SCPI

Une baisse de collecte attendue

Après les records enregistrés l’an passé, le marché des SCPI retrouve son rythme de croisière
Bien qu’en-dessous de sa moyenne sur 10 ans, le taux de rendement courant (4,4 %) demeure attractif

La collecte nette totale des sociétés civiles de placement immobilier (SCPI) a atteint 2,4 milliards d’euros sur les six premiers mois de 2018, pour une capitalisation autour de 53 milliards d’euros (+5,3 % sur un an), selon les chiffres de l’Association française des sociétés de placement immobilier (Aspim) et de l’Institut de l’épargne immobilière et foncière (IEIF). En net repli comparé à la première moitié de 2017, qui enregistrait un record historique à 3,8 milliards d’euros collectés, le marché reste « sur un trend solide, au-dessus de la moyenne de long terme à 1,6 milliard d’euros », explique Stéphanie Galiègue, directrice de la recherche et des études à l’IEIF.

Tendance attendue. Cette décélération « n’est pas une surprise, cela fait suite à un exercice 2017 absolument exceptionnel. On retrouve aujourd’hui un niveau de collecte de capitaux en adéquation avec la capacité d’absorption des marchés immobiliers », explique Arnaud Dewachter, délégué général de l’association. « La collecte est maîtrisée. On peut être satisfaits, l’important étant d’anticiper les investissements », appuie Danielle François Brazier, directrice de Foncia Pierre Gestion. Investissements dont le nombre reste important, et qui sont de plus en plus souvent réalisés à l’étranger. « Désormais, un tiers est réalisé hors de France, principalement en Allemagne. C’est un phénomène nouveau dans l’histoire des SCPI, longue d’une quarantaine d’années », indique Arnaud Dewachter. La tendance s’accentue : 47 % des investissements ont eu lieu en zone euro durant le deuxième trimestre, selon Jonathan Dhiver, président de MeilleureSCPI.com, qui se félicite d’un « appétit toujours fort des épargnants ».

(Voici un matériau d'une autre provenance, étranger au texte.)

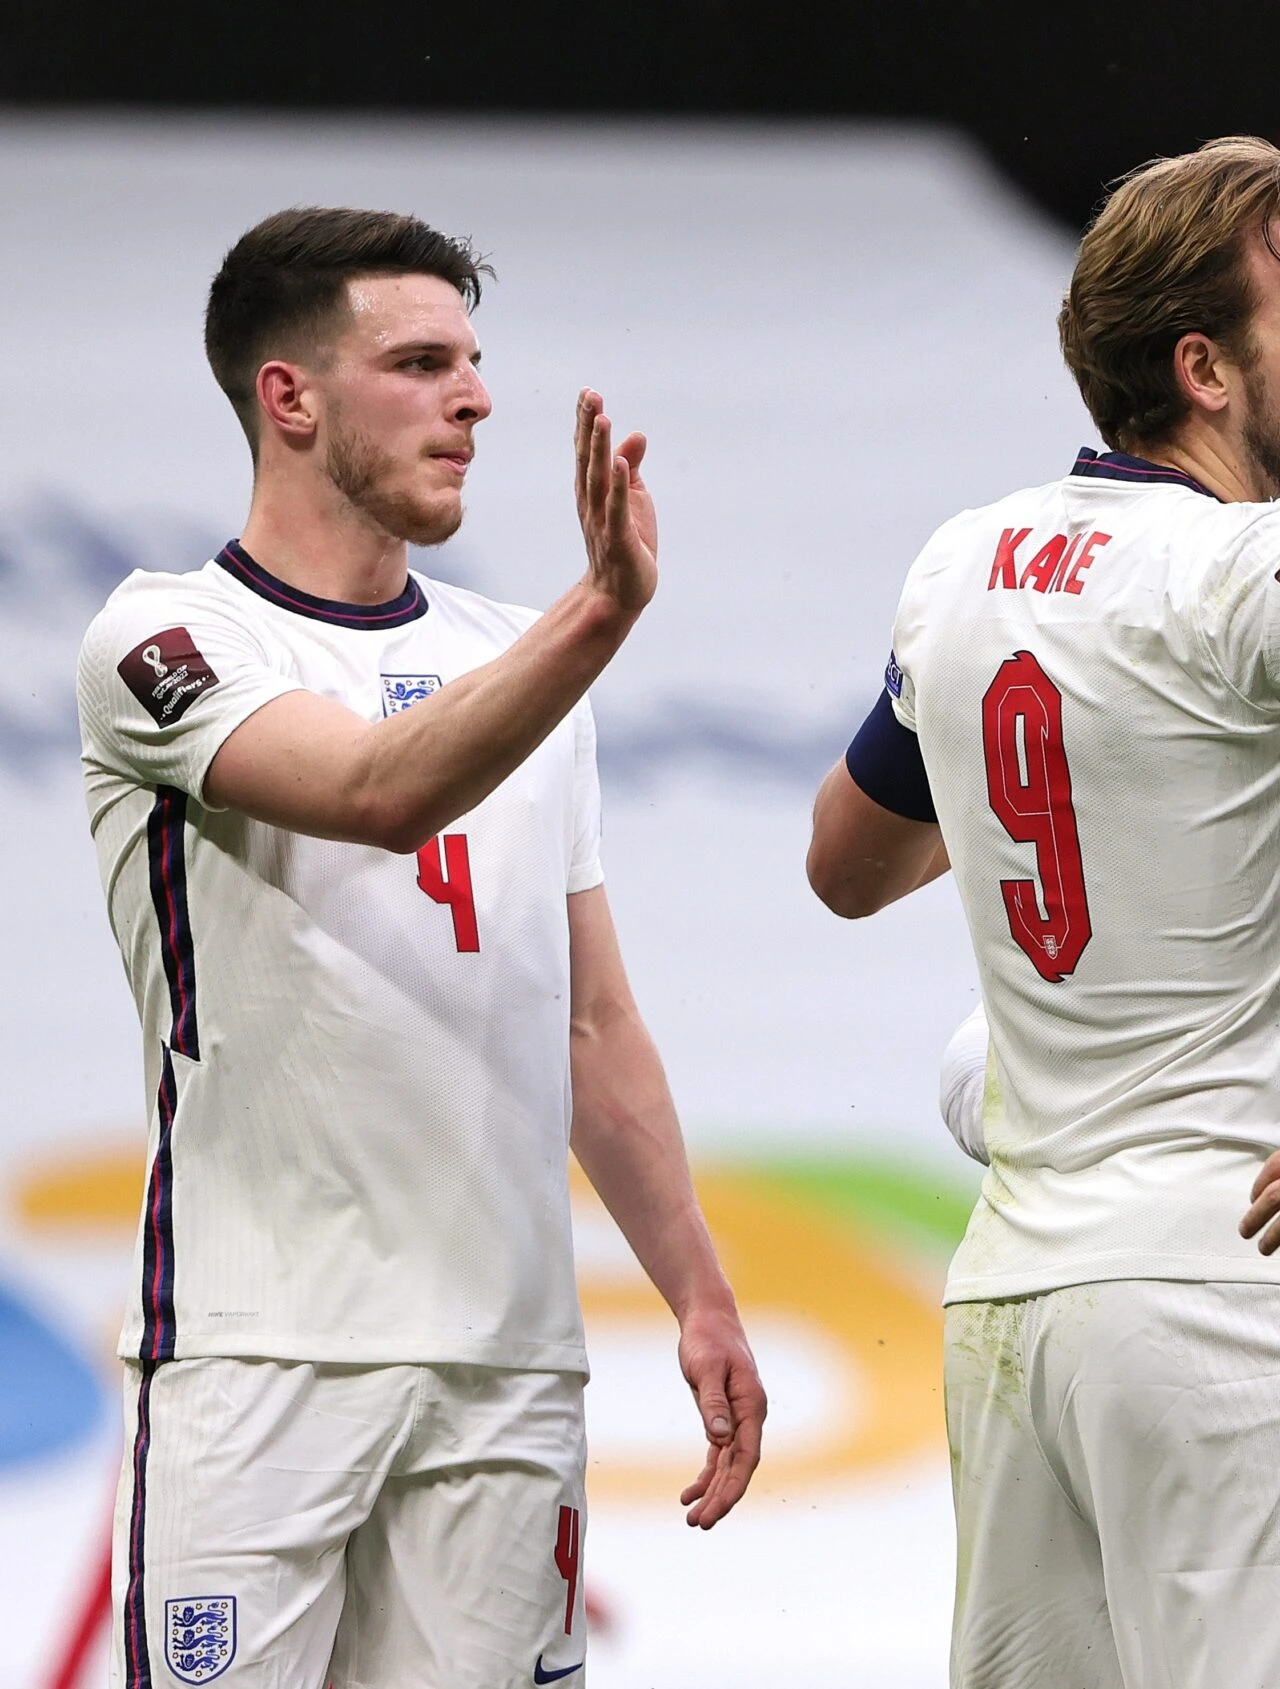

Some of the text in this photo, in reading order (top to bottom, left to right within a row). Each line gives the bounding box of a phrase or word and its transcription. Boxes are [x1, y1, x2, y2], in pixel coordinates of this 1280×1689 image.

[982, 650, 1092, 983] 9
[416, 833, 480, 952] 4
[554, 1504, 579, 1635] 4

Rendements stables. Côté rendements, sur un an à fin juin, les SCPI affichent une performance globale de 5 % (dont un rendement courant de 4,4 %) et de 6,1 % sur les dix dernières années, avec une volatilité de 4,5 %, d’après les données Aspim-IEIF. « La performance des SCPI affiche une relative stabilité sur un an. Et en regardant les taux de rendement interne, sur cinq ou dix ans, le marché reste hyper attractif », indique Danielle François Brazier. Un indicateur qu’Arnaud Dewachter tient à mettre en perspective par rapport à la distribution : « n’oublions pas que c’est principalement la régularité de la distribution des revenus qui intéresse les investisseurs, le rendement pouvant être affecté à la baisse par la hausse du prix de parts par ailleurs positive pour le porteur », estime le délégué général de l’Aspim, pour qui « au final, le niveau du rendement des SCPI reste intéressant dans le paysage de l’épargne ».

Parts en attente. Sur le marché secondaire, le premier semestre établit « un nouveau record de transactions » selon l’IEIF, avec des montants échangés de l’ordre de 512 millions d’euros, « soit pratiquement le niveau atteint pour l’ensemble de l’année 2013 ». Néanmoins, « le ratio de parts en attente rapporté à la capitalisation est en légère augmentation au premier semestre, même s’il est trop tôt pour en déduire quoi que ce soit », note Stéphanie Galiègue. Le taux de rotation atteint ainsi 0,36 %, un plus haut depuis sept ans. « Nous n’observons pas de tensions sur la liquidité. Il n’y a pas d’éléments signalant un retournement du marché dans l’immédiat. Les fondamentaux sont sains », conclut l’Aspim.